Profit/earnings growth – Companies that grow their earnings over the long term should keep paying out higher dividends and grow in value. Quality companies will usually have a strong brand and quality product – this allows them to increase their prices without any negative effect to their sales.
Sustainable growth – A company can only increase its dividend so much before its unsustainable. A good thing to look at is a company’s payout ratio (how much of its profits are paid out as a dividend). If a company has a 60% payout ratio, or less, it gives it more leeway to keep increasing the dividend if it has one bad year. It also means the company is re-investing more of its profits back into itself for future growth.
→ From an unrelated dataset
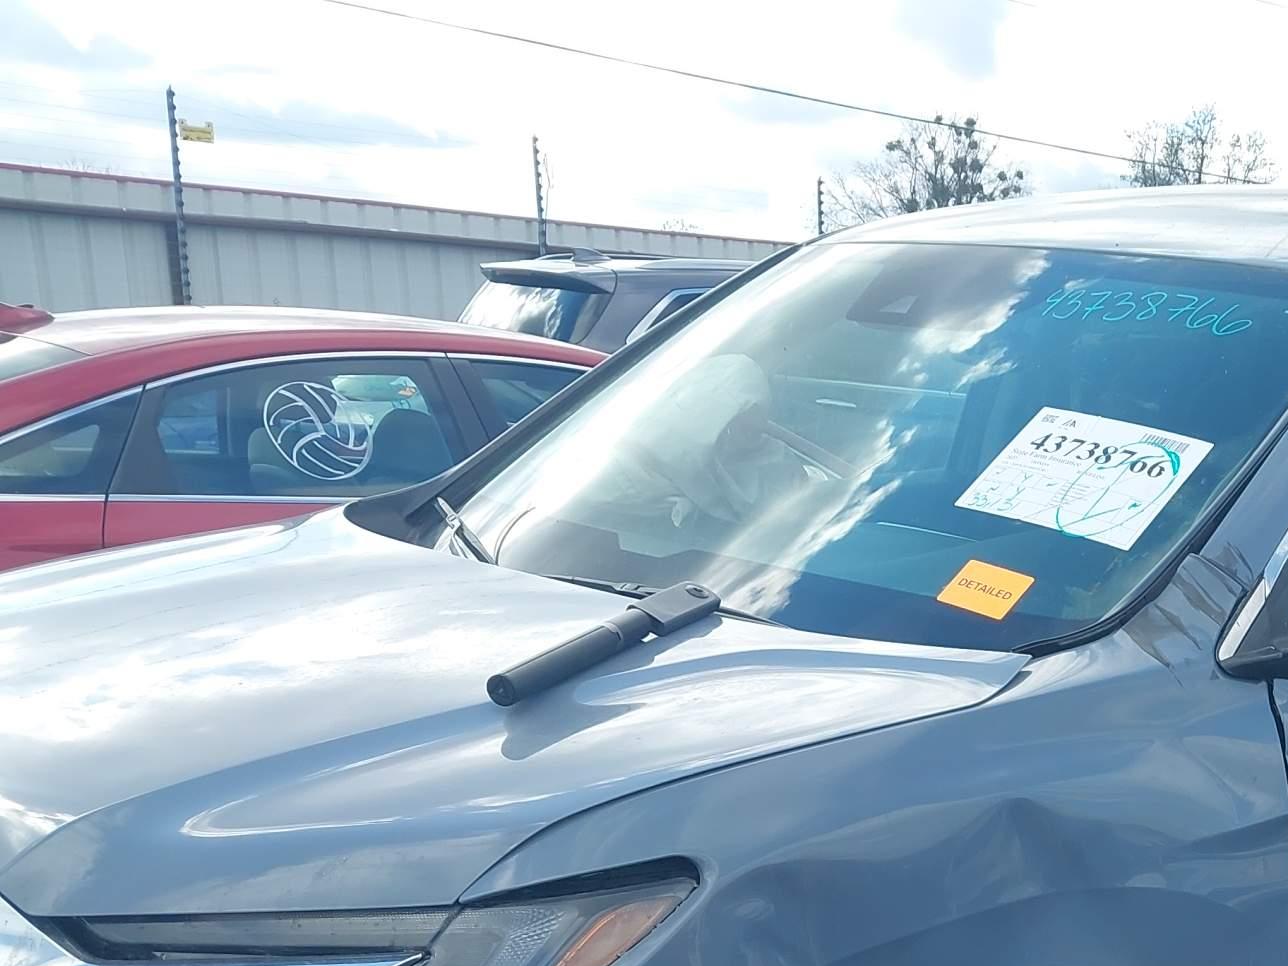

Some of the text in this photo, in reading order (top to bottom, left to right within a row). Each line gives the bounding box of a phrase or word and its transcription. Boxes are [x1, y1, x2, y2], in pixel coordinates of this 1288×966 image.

[1041, 288, 1253, 336] 43738766
[1029, 432, 1166, 479] 43738766
[957, 577, 1013, 600] DETAILED
Business idea – The business idea behind the stock also has to make sense. Even if a stock has been growing its dividend for 25 years, it doesn’t mean it’s going to grow for another 25 years. You need to look at the big picture for each business too, not just the numbers. For example, cigarette and oil companies will probably find it difficult to keep building their profits over the long-term.
Buying price – No business is ‘buy at any price’, including dividend kings. If you overpay for your stocks then you could have paper losses for a long time. It’s up to you to decide what ‘overpaying’ is – perhaps you’ll only consider stocks with a dividend yield over 2.75%. There are many different ‘screeners’ that DGI investors use.
I’ve only just scratched the surface of dividend investing. I hope it was interesting and you can see why some people invest purely in DGI stocks. Being able to grow your dividend income, potentially for decades, is very appealing – which is why we follow this investment strategy too.
Readers – do you use the Dividend Growth Investing strategy for your investing?